Warm bed for cucumbers: we do together
Cucumbers are an extremely thermophilic crop, which is desirable to grow at a temperature of at least twenty degrees. Experienced gardeners prefer to cultivate cucumbers exclusively in greenhouses. If you want to get a good harvest of these extremely tasty and healthy vegetables, but do not have the opportunity to build a greenhouse, the so-called warm cucumber garden will come to your rescue.
A warm bed for cucumbers should be prepared from early spring, and preferably autumn. First of all, you should dig a trench, the width of which should be at least a meter, and the depth - fifty to sixty centimeters (that is, two bayonets of a shovel). Sawed wood chunks are laid across the groove, best of all - fresh firewood 60-70 centimeters long, and on the sides of the trench is thrown with a variety of twigs, sawdust, chips and other wood waste. The resulting structure must be covered from above with an inverted sod and carefully trampled down.
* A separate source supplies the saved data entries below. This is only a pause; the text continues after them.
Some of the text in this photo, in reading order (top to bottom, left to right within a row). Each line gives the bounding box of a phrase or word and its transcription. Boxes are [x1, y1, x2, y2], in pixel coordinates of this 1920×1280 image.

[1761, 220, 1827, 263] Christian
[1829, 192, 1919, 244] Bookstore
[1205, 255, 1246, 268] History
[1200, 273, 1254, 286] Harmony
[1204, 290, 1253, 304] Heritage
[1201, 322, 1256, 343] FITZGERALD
To improve the heat-saving properties of such a structure, you can frame it with a wooden box, making a small (no more than 10-15 degrees) bevel of the boards on the south side. After that, the box is laid with a slide of dry wood leaf. The last layer of a warm bed is a ten-centimeter layer of earth, taken in equal proportions with compost. The service life of such a bed is about ten years, but it will have to be regularly "repaired", that is, every spring it must be filled with a new sheet layer, which, overcooking, replenishes the bed with high-quality leaf humus.
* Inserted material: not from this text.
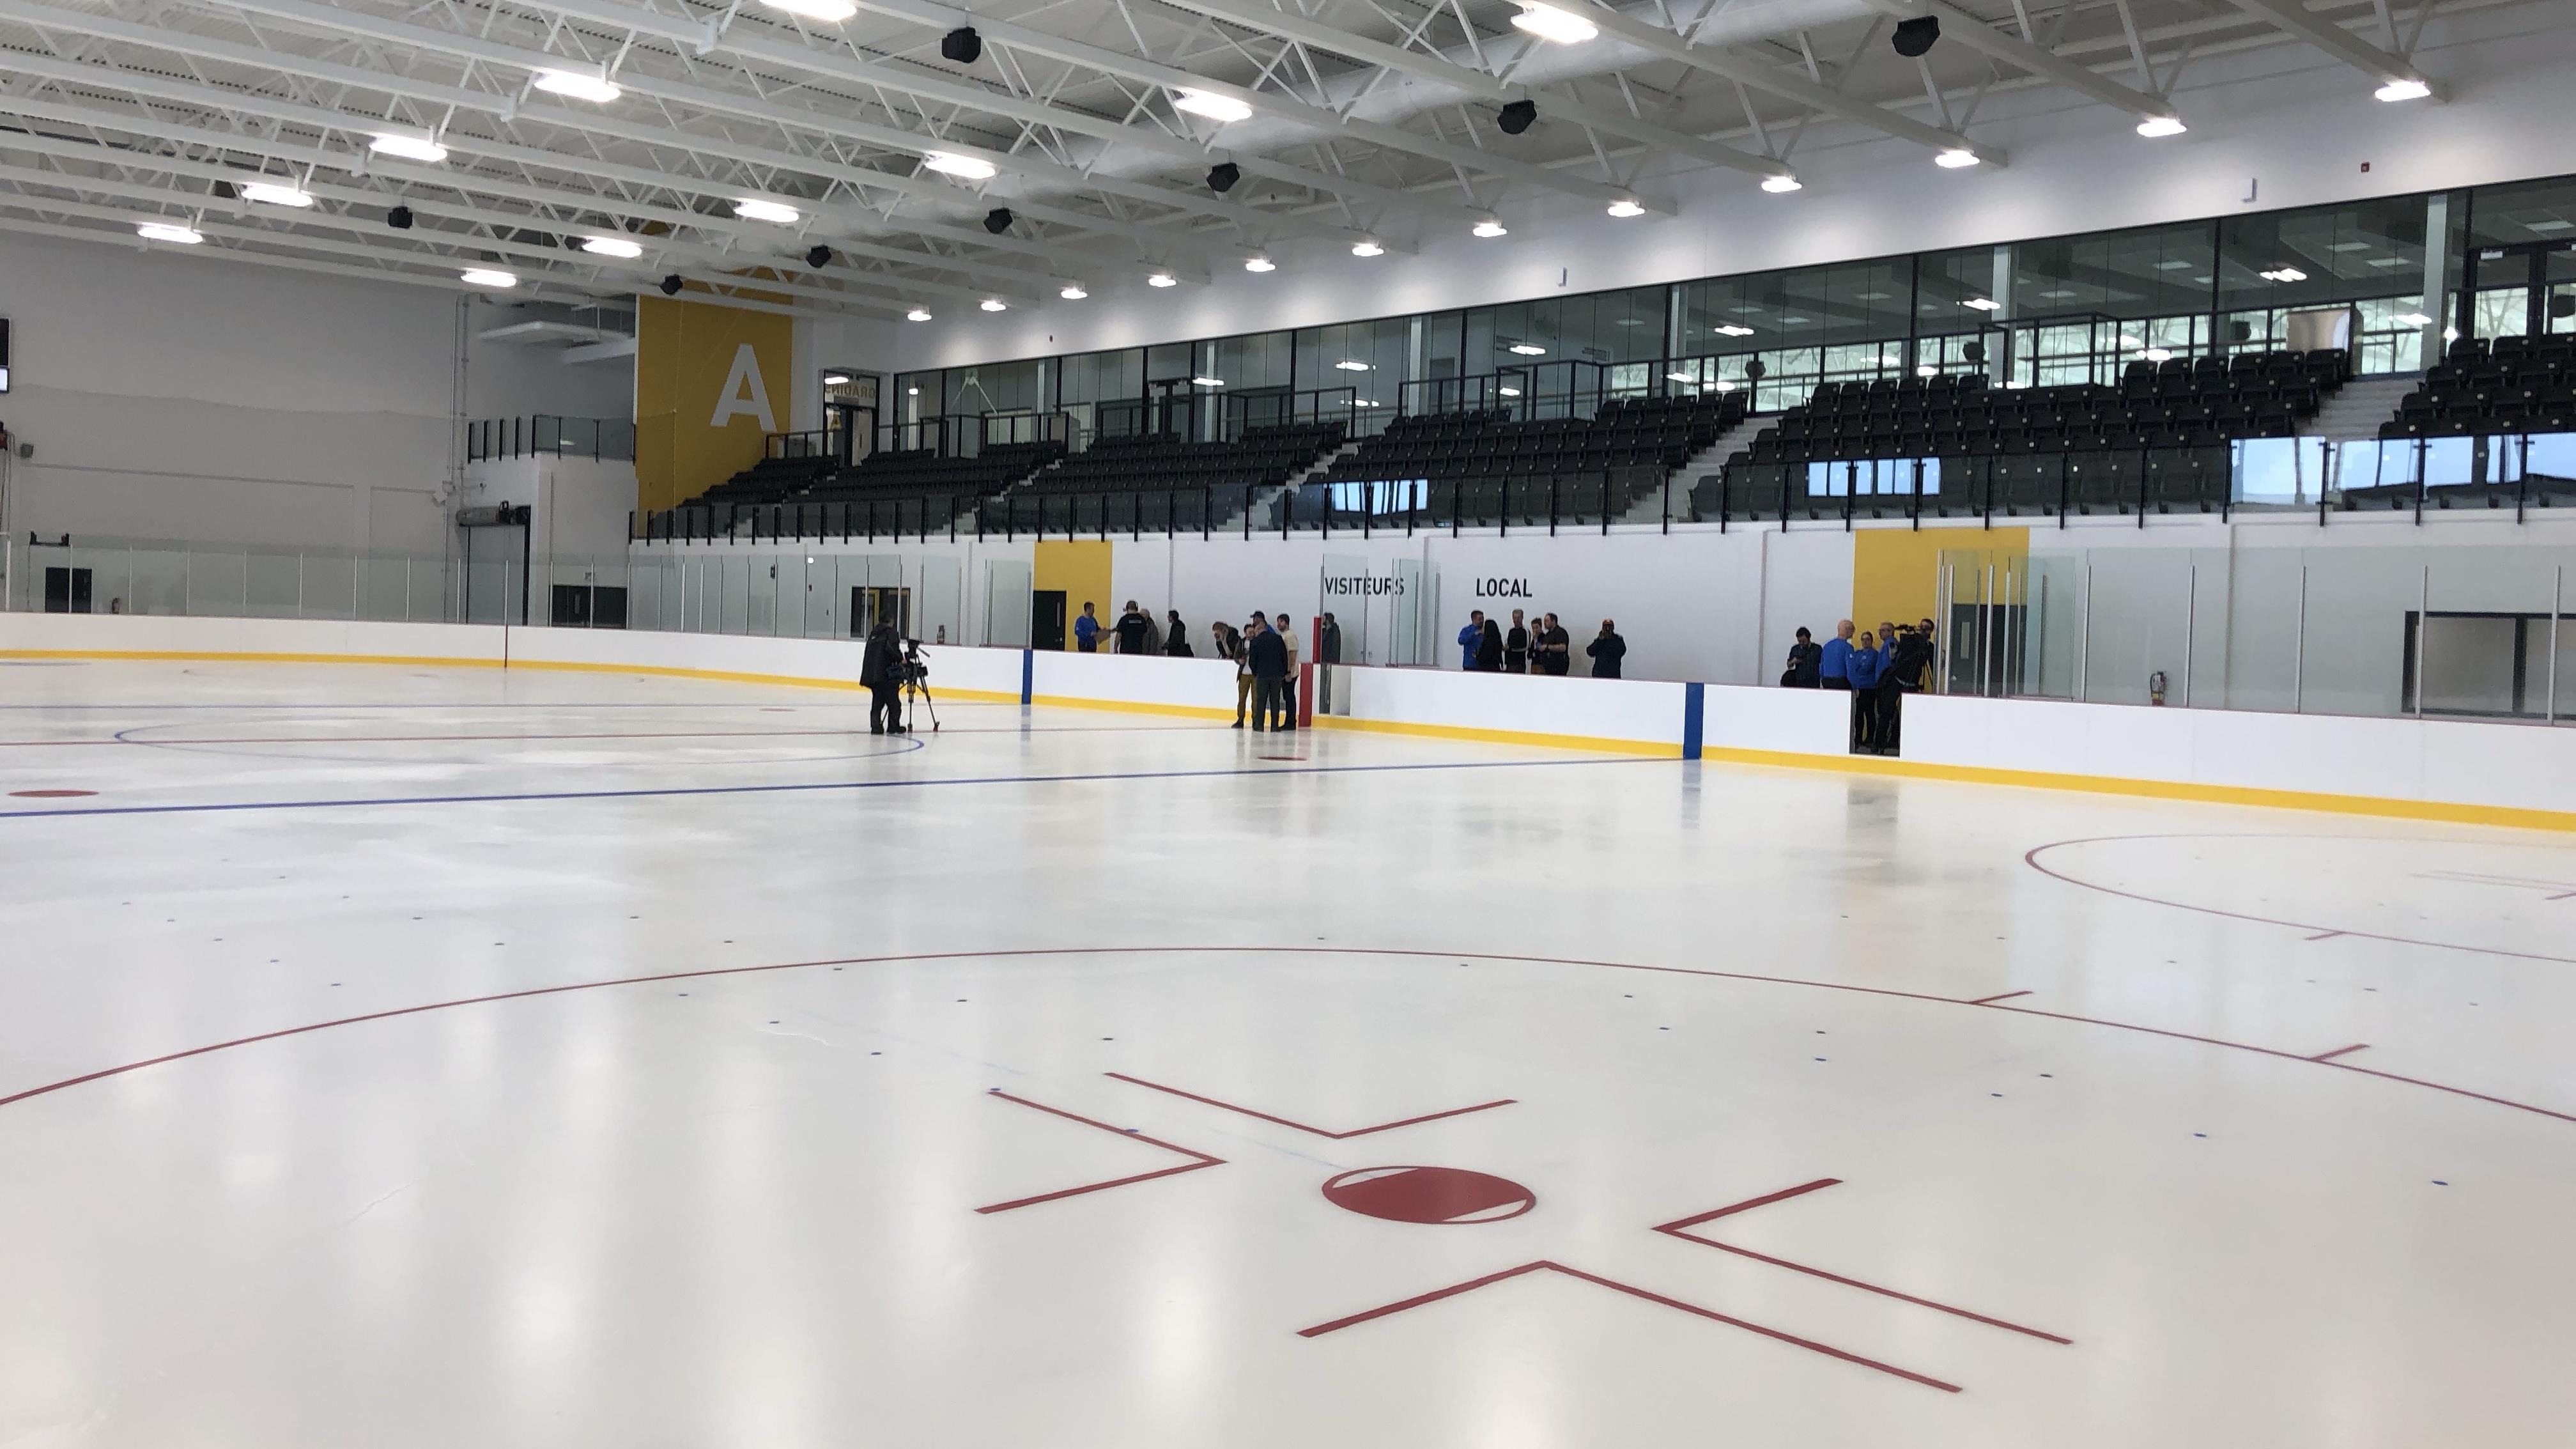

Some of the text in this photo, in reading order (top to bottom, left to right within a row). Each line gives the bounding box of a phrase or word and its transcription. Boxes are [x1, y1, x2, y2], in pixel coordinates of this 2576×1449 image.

[710, 343, 778, 432] A
[1325, 577, 1405, 596] VISITEURS
[1476, 577, 1533, 598] LOCAL
A very sensible recommendation for spring, when the ground warms up very slowly in depth, but it’s interesting how such a bed behaves in summer during the very heat. It seems to me that cucumbers can just sniff.
Maybe I didn't understand something, but I have a question for the author of the article, where will the light for cucumbers come from? What you described, I imagined something like a trench, which is covered with pieces of wood and leaves on top.